= David H. Ledbetter =

Human geneticist

David Hamilton Ledbetter (b. 1953) is a human geneticist best known for his contributions to the discovery of the genetic causes of Prader–Willi and Miller–Dieker syndromes. His research has focused on developing and applying technologies to understand neurodevelopmental conditions such as autism spectrum disorders. He has held leadership positions at the National Institutes of Health, the University of Chicago, Emory University, and until 2020, was the Executive Vice President and Chief Scientific Officer of Geisinger Health System.
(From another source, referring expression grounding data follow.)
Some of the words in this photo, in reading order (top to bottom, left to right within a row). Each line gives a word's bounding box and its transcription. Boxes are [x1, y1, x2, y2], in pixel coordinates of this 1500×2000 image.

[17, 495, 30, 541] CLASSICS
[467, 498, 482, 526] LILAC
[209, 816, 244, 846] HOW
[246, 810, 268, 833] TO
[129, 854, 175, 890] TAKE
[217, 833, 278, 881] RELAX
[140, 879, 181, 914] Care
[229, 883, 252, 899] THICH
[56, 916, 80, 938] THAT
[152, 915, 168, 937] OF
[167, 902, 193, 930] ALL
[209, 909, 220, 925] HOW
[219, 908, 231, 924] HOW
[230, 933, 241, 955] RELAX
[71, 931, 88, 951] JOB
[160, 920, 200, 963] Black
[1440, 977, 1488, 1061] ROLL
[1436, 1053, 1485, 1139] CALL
He is currently the Senior Associate Director for Precision Medicine at the Florida Institute for Pediatric Rare Diseases at the Florida State University College of Medicine

==Education==

- Ledbetter received a Ph.D from the University of Texas, Austin, in 1971. He holds an American Board of Medical Genetics and Genomics certification in clinical cytogenetics.

==Career==

Ledbetter attended Tulane University and started working at Baylor College of Medicine, working as the Professor at the Institute for Molecular Genetics and Director of the Kleberg Cytogenetics and Prenatal Diagnosis Laboratory.
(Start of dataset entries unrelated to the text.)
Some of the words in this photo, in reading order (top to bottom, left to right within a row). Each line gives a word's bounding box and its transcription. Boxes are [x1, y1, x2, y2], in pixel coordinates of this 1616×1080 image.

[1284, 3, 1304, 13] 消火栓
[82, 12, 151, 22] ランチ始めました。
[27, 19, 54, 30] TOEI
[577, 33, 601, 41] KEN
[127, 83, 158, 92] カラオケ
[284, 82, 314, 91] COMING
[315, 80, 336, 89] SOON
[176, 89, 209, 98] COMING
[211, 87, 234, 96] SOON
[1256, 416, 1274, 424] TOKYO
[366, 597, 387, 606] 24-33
In 1981, Ledbetter and his colleagues discovered the causes of Prader-Willi Syndrome, finding that it was caused by a deletion on Chromosome 15. It was published on the New England Journal of Medicine.
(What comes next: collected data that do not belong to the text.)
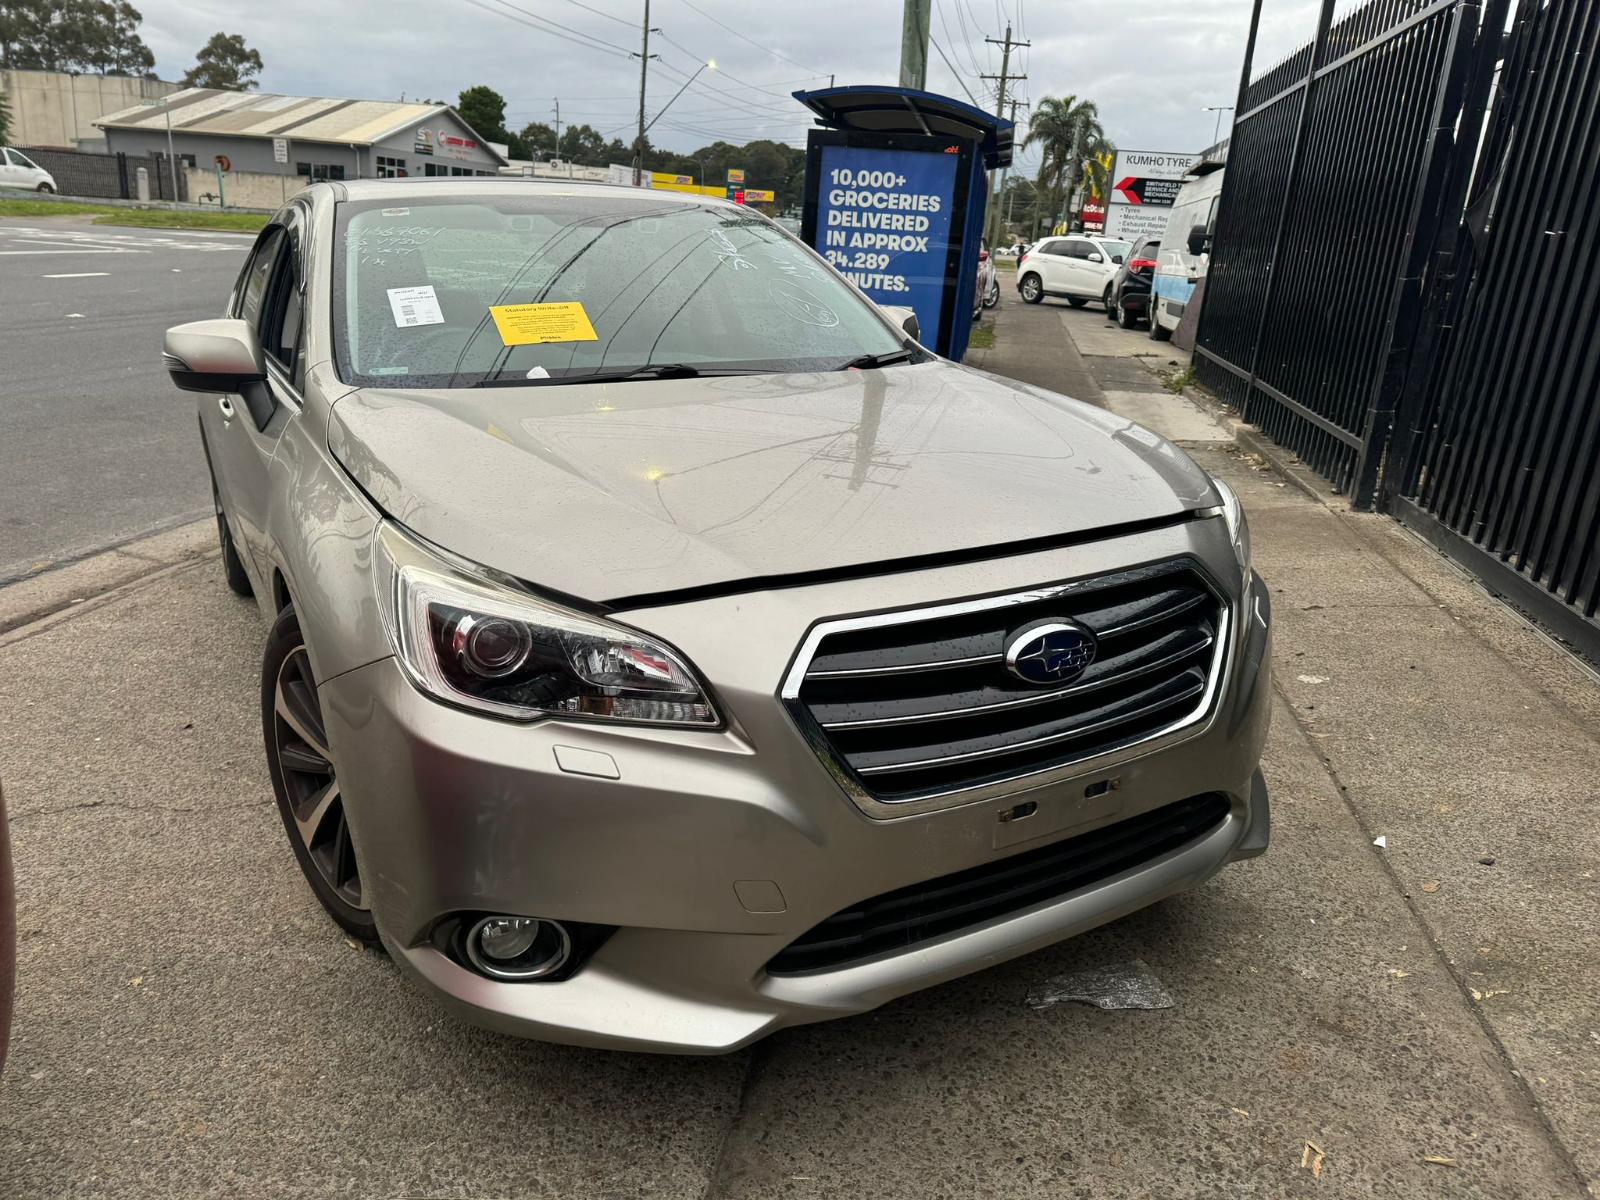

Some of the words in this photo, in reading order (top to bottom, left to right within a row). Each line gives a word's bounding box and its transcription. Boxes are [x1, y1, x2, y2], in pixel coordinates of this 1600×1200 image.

[1126, 155, 1164, 166] KUMHO
[1166, 157, 1192, 168] TYRE
[830, 168, 906, 189] 10,000+
[829, 189, 941, 212] GROCERIES
[1143, 191, 1176, 199] MECHANICA
[828, 209, 929, 231] DELIVERED
[1123, 213, 1157, 221] Mechanical
[826, 230, 846, 246] IN
[849, 232, 928, 253] APPROX
[825, 250, 889, 270] 34.289
[841, 271, 910, 292] NUTES.
Ledbetter than went on to work at The University of Chicago, working as the Professor in Obstetrics and Gynecology and Director of the Center for Medical Genetics. In 1996, while working there, Ledbetter was asked to examine the DNA of Oliver, a chimp suspected of being a humanzee, a hybrid of a human and a chimp. Ledbetter's tests confirmed that Oliver had the normal 48 chromosomes that a chimp has.

Ledbetter then moved to work at Emory University in Atlanta, Georgia as the Robert W. Woodruff Professor of Human Genetics and the Director of Medical Genetics in the Emory University School of Medicine.

From 2025, Ledbetter has served as Senior Associate Director for Precision Medicine at the Florida State University College of Medicine.

==Most cited papers==
- Baker SJ, Fearon ER, Nigro JM, Hamilton SR, Preisinger AC, Jessup JM, VanTuinen P, Ledbetter DH, Barker DF, Nakamura Y, White R. Chromosome 17 deletions and p53 gene mutations in colorectal carcinomas. Science. 1989 Apr 14;244(4901):217-21.
- Miller DT, Adam MP, Aradhya S, Biesecker LG, Brothman AR, Carter NP, Church DM, Crolla JA, Eichler EE, Epstein CJ, Faucett WA. Consensus statement: chromosomal microarray is a first-tier clinical diagnostic test for individuals with developmental disabilities or congenital anomalies. The American Journal of Human Genetics. 2010 May 14;86(5):749-64.
- Sanders SJ, Ercan-Sencicek AG, Hus V, Luo R, Murtha MT, Moreno-De-Luca D, Chu SH, Moreau MP, Gupta AR, Thomson SA, Mason CE. Multiple recurrent de novo CNVs, including duplications of the 7q11. 23 Williams syndrome region, are strongly associated with autism. Neuron. 2011 Jun 9;70(5):863-85.
- Reiner O, Carrozzo R, Shen Y, Wehnert M, Faustinella F, Dobyns WB, Caskey CT, Ledbetter DH. Isolation of a Miller–Dicker lissencephaly gene containing G protein β-subunit-like repeats. Nature. 1993 Aug;364(6439):717-21.
- Sanders SJ, He X, Willsey AJ, Ercan-Sencicek AG, Samocha KE, Cicek AE, Murtha MT, Bal VH, Bishop SL, Dong S, Goldberg AP. Insights into autism spectrum disorder genomic architecture and biology from 71 risk loci. Neuron. 2015 Sep 23;87(6):1215-33.
- Ledbetter DH, Riccardi VM, Airhart SD, Strobel RJ, Keenan BS, Crawford JD. Deletions of chromosome 15 as a cause of the Prader–Willi syndrome. New England Journal of Medicine. 1981 Feb 5;304(6):325-9.